Preface
Published online by Cambridge University Press: 05 December 2015
Summary
This book is an introduction to the coinages of the Hellenistic world, from the campaigns of Alexander the Great in the late fourth century BC to the Roman conquest of the eastern Mediterranean. Rich and fascinating as it is, this period poses particular challenges for historians. For much of the Hellenistic era, narrative sources are entirely lacking. The Hellenistic historian therefore has to master a wide range of different kinds of source material: inscriptions, papyri, archaeology, Alexandrian poetry, and of course coinage. The aim of this book is to show how coins can help us to understand the varied societies and cultures of the Greek-speaking world during the last three centuries BC.
The book is structured around four main themes, all of them concepts of central importance in recent work on the period. The first theme (covering Chapters 1 and 2) is globalization.
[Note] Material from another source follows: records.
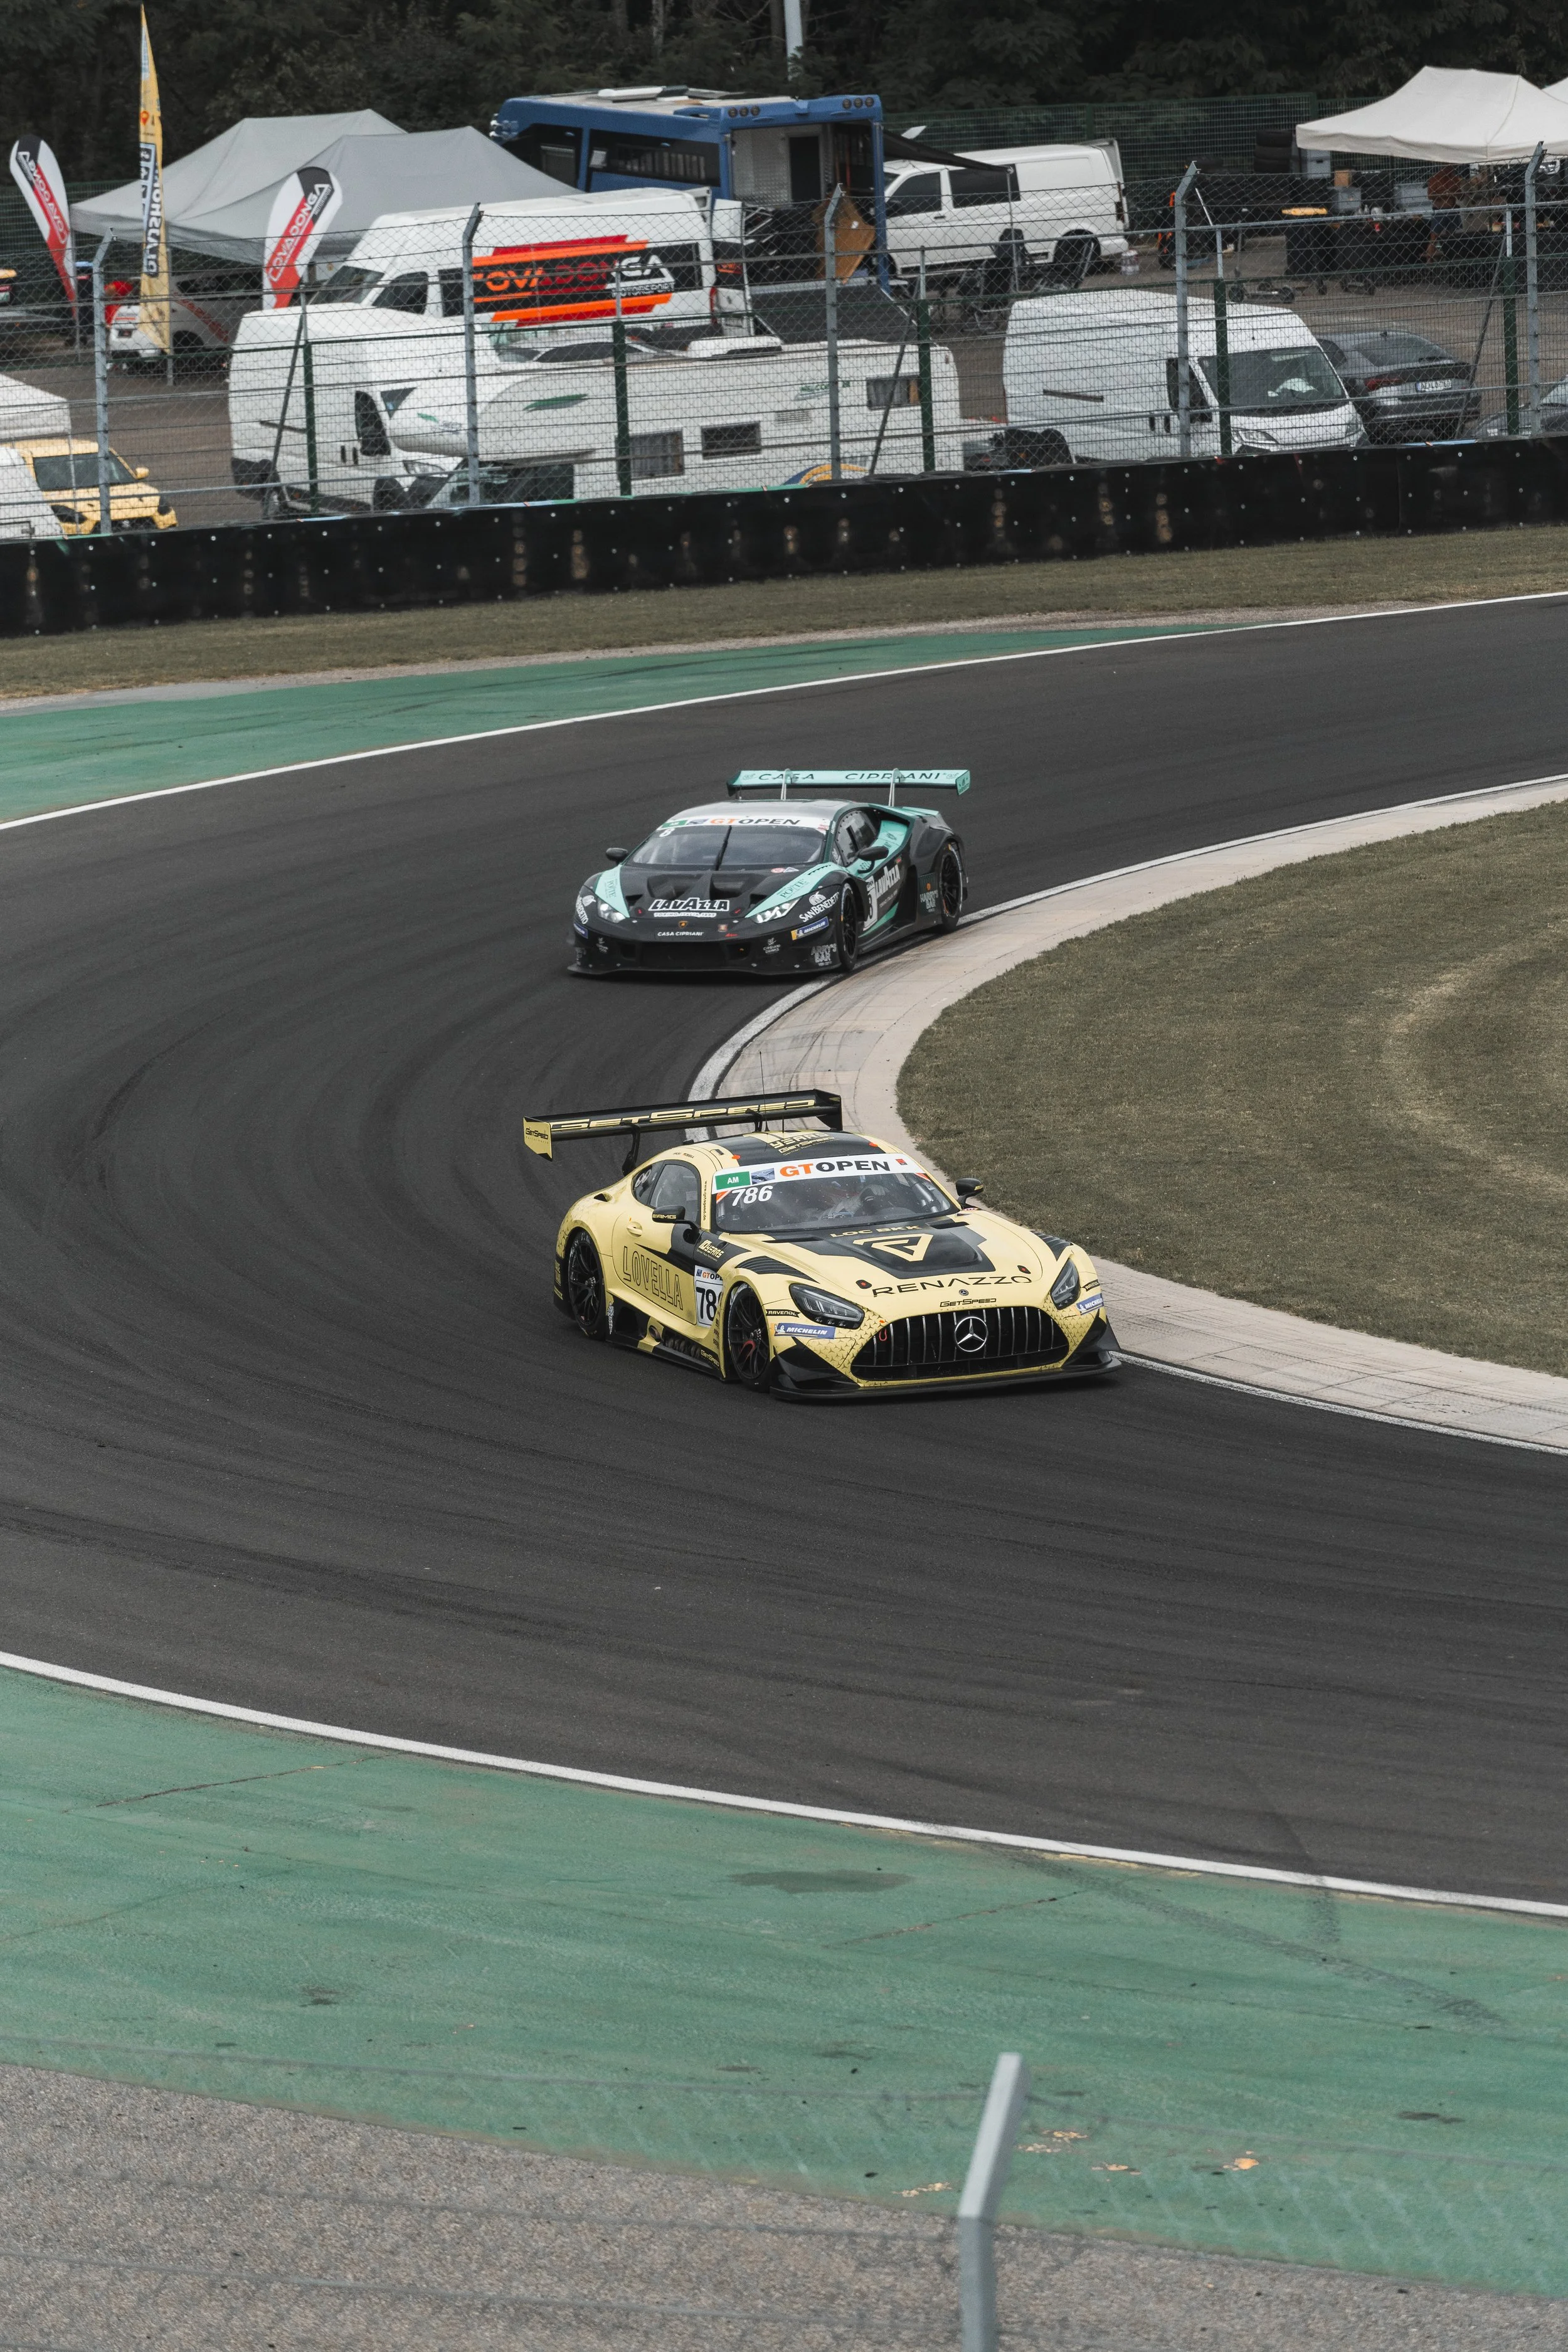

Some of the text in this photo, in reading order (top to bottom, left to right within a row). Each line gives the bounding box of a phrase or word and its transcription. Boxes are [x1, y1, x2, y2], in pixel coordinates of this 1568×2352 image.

[268, 184, 330, 282] COVADONGA
[472, 255, 675, 297] OVADONGA
[659, 828, 675, 837] 8
[648, 897, 730, 911] LAVAZZA
[731, 1185, 774, 1207] 786
[830, 1229, 873, 1238] LOC
[623, 1246, 684, 1311] LOVELLA
[872, 1276, 1032, 1297] RENAZZO
[696, 1286, 723, 1322] 78
The Macedonian conquest of the Near East created a new monetary ‘world-system’, stretching from northern Gaul to the central Asian steppe. The coinages of Alexander the Great and his early successors served as a kind of common language for monetary cultures throughout this ‘big’ Hellenistic world. Chapters 3 to 5 explore the second major theme of identity. Greek cities, regional leagues, and Hellenized peoples on the fringes of the Graeco-Macedonian world all used coinage as a means of representing their distinctive cultural and political identities. The third theme, discussed in Chapters 6 and 7, is political economy. The use of coined money underwent radical changes during the Hellenistic period, both at the macro-level of state and civic economies, and at the micro-level of coin use by individuals. The fourth and final theme is ideology. In Chapters 8 and 9, we shall look at the representation of power on Hellenistic coins, first by the rulers of the major Graeco-Macedonian kingdoms, and finally by the Romans who succeeded them across much of the Greek-speaking world during the second and first centuries BC. The book also has an unobtrusive forwards motion, travelling from the decades after Alexander's death (Chapter 1) to the organization of Rome's eastern provinces in the last decades of the Roman Republic (Chapter 9).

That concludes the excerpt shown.